Comparative Analysis Report: Visualization Tools & Platforms By Annabel Weiner, Erol Basusta, Leah Wilkinson, and Quenton Oakes
Table of Contents Executive Summary Introduction Assessment Criteria Publishability Insight Workability Integration Varying Methods & Limitations Applications & GUI s JavaScript & Libraries Choice of Tool or Platform Platforms & Libraries Cytoscape D3.js NodeGoat Neo4j Conclusions
Executive Summary We analyzed five tools (Cytoscape, Gephi, D3.js, NodeGoat, and Neo4j) on the basis of four criteria (Publishability, Insight, Workability, and Integration). We discovered a natural division in the tools available: Applications and Javascript libraries. Applications are generally easier to use but more difficult to publish. This category includes Cytoscape, Gephi, and NodeGoat. Libraries are programming languages designed, in this context, to visualize data. This category includes D3.js. Neo4j is less easily categorized, as it features a programming environment within a user interface. The main tension we found is the learning curve of Javascript libraries as opposed to the relatively limited functionality of GUI applications. This tension is connected with the concern for future actions taken by the Digital Scholarship Team in whether to offer visualizations that can be offered as products or visualization training offered as a service. Our recommendations moving forward regarding visualization tools are as follows: Gephi seems to be the most appropriate GUI tool due to unique publishability features, while D3.js and Neo4j are promising tools that require more expert knowledge. Gephi is increasing its market share, but D3.js is very well established with a knowledgeable user community, potentially of great use in anticipating new users' needs when designing training. In broader terms, we would recommend introducing user testing as early as possible in this process to determine the added value for researchers in either scenario. Anticipating users needs before they can be clearly articulated is a great accomplishment for a library service, but a clear image of what these needs may be is of the highest priority in offering a radically novel service such as visualization assistance.

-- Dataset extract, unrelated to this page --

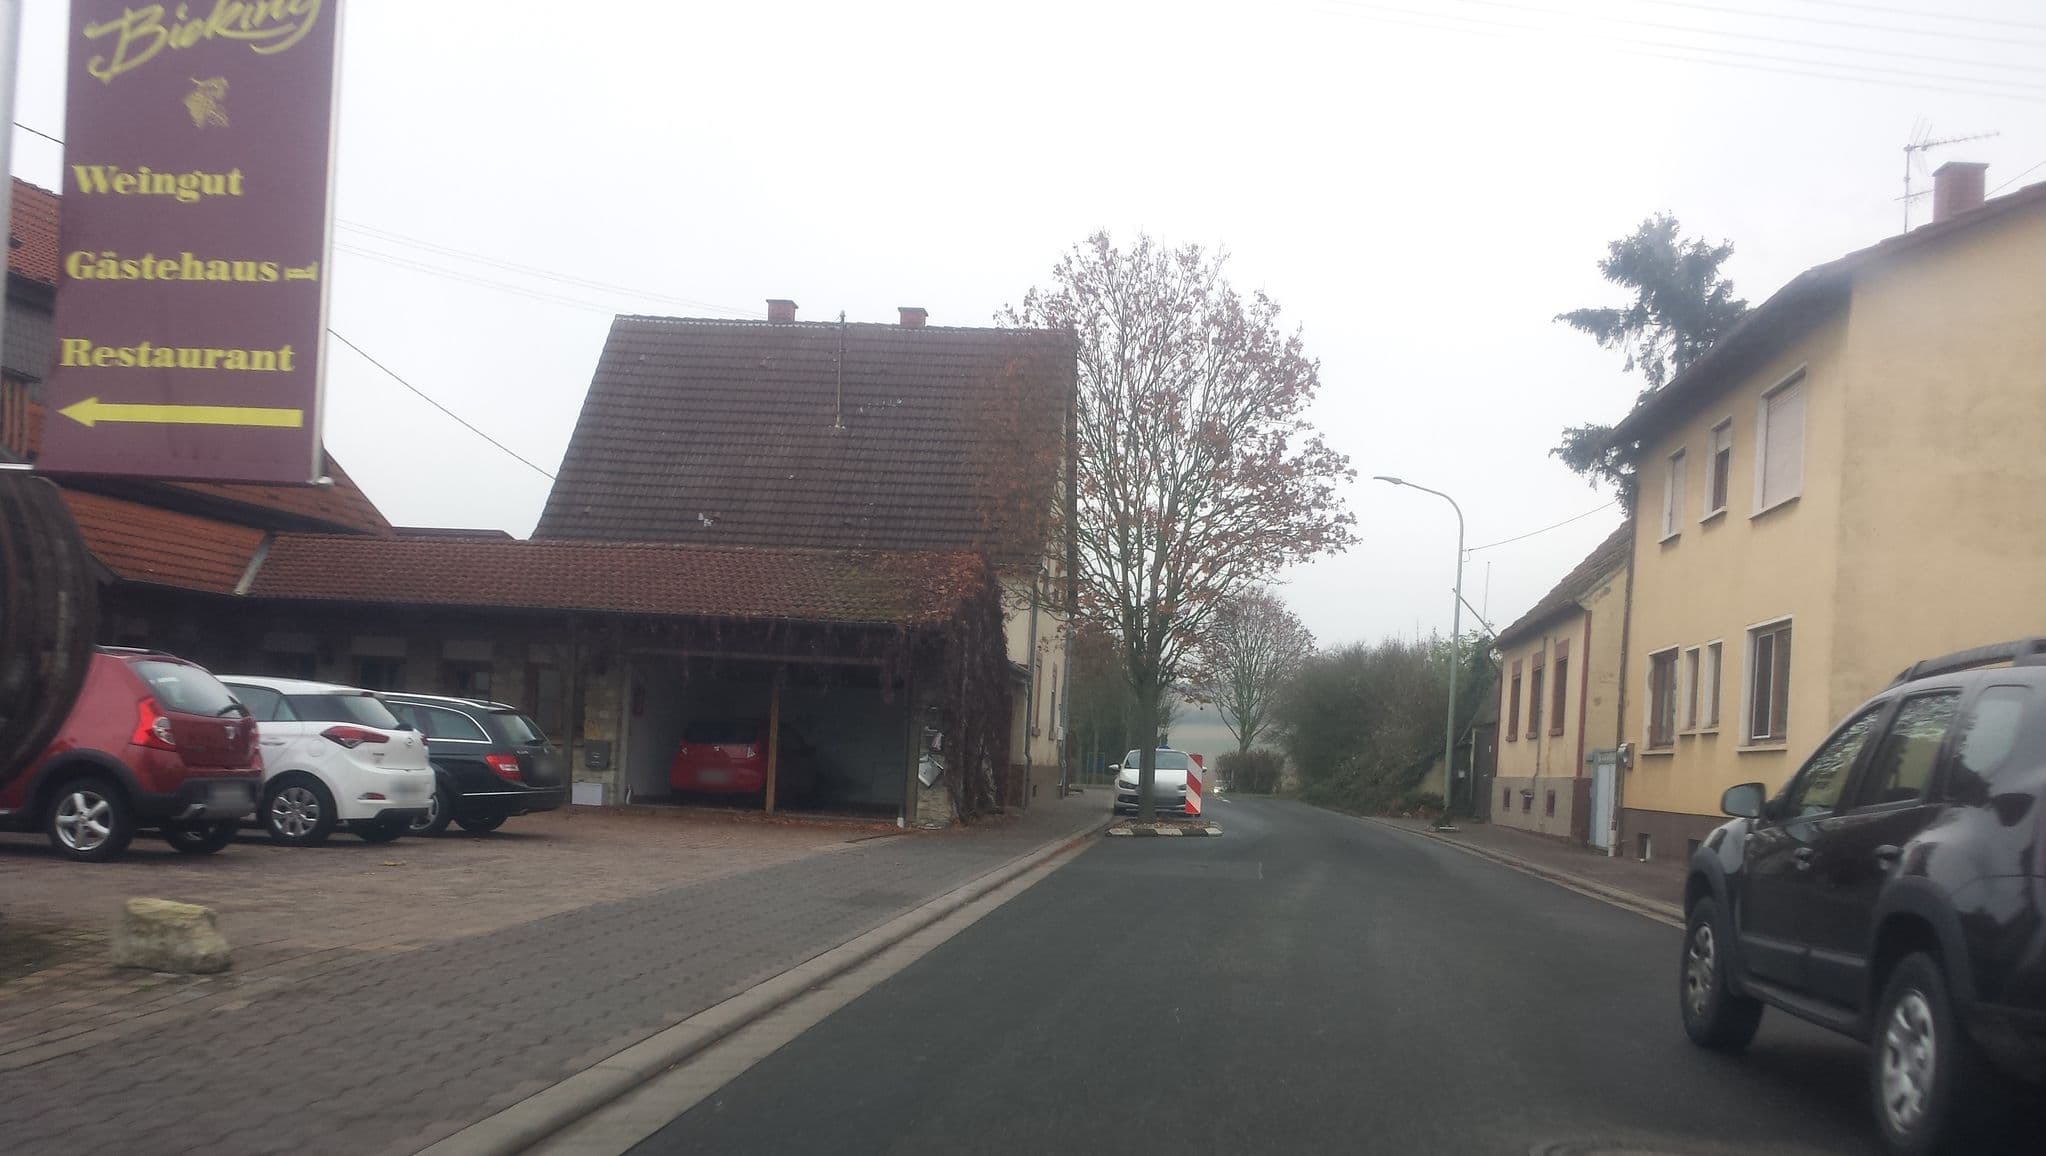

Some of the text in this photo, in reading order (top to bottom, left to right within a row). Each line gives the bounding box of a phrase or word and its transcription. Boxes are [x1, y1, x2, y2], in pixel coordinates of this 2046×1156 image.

[72, 164, 244, 203] Weingut
[65, 250, 280, 282] Gästehaus
[59, 338, 296, 372] Restaurant

Introduction Before our team set out to create visualizations using Cytoscape and D3.js we decided to first assess whether the two tools would be the best platforms / libraries we could use that were available to us. The fact that Cytoscape is designed for visualizing molecular interaction networks and biological pathways was what led us to this decision. If we can find a platform that has been developed to accomplish specifically what we would ideally like Cytoscape and D3.js to do, it would be the better platform to pursue and invest more time in. For our assessment we focused on four key criteria we thought would be essential for the final platform and/or library to have when it comes to the creation and sharing of visualizations. We decided on these criteria from analyzing our meetings with the Digital Scholarship Team. Assessment Criteria Publishability This criterion concerns how easy is it to recreate visualizations in a format that is accessible to a wider audience. Details such as how visualizations are created and how much tweaking is required for publication are also part of this criteria. The quality, features, and size of the visualization are also keys components to be evaluated as well. Insight This criterion discerns how powerful the platform is when it comes to research. Does the platform features and interface facilitate the discovery of new networks and relationships? Are there any limitations on the capabilities or capacity of the analysis done on the platform? These are all analyzed as implications for insight. Workability This criteria examines how easy the platform or library is to actually use. It encompasses the size of their respective communities, variety of third party plugins and tutorials, as well as overall prevalence in the field of information visualization. If a platform / language is easy to pick up and has quality documentations or tutorials it is considered to have high workability. Integration Our final criterion is how well the platform or library works with various data formats as well as other platforms and tools. Questions such as built in features for massaging the data and flexibility in data input format also fall under this criteria. The gap and number of steps between actual data analysis and the visualization recreation online is another aspect of this criteria.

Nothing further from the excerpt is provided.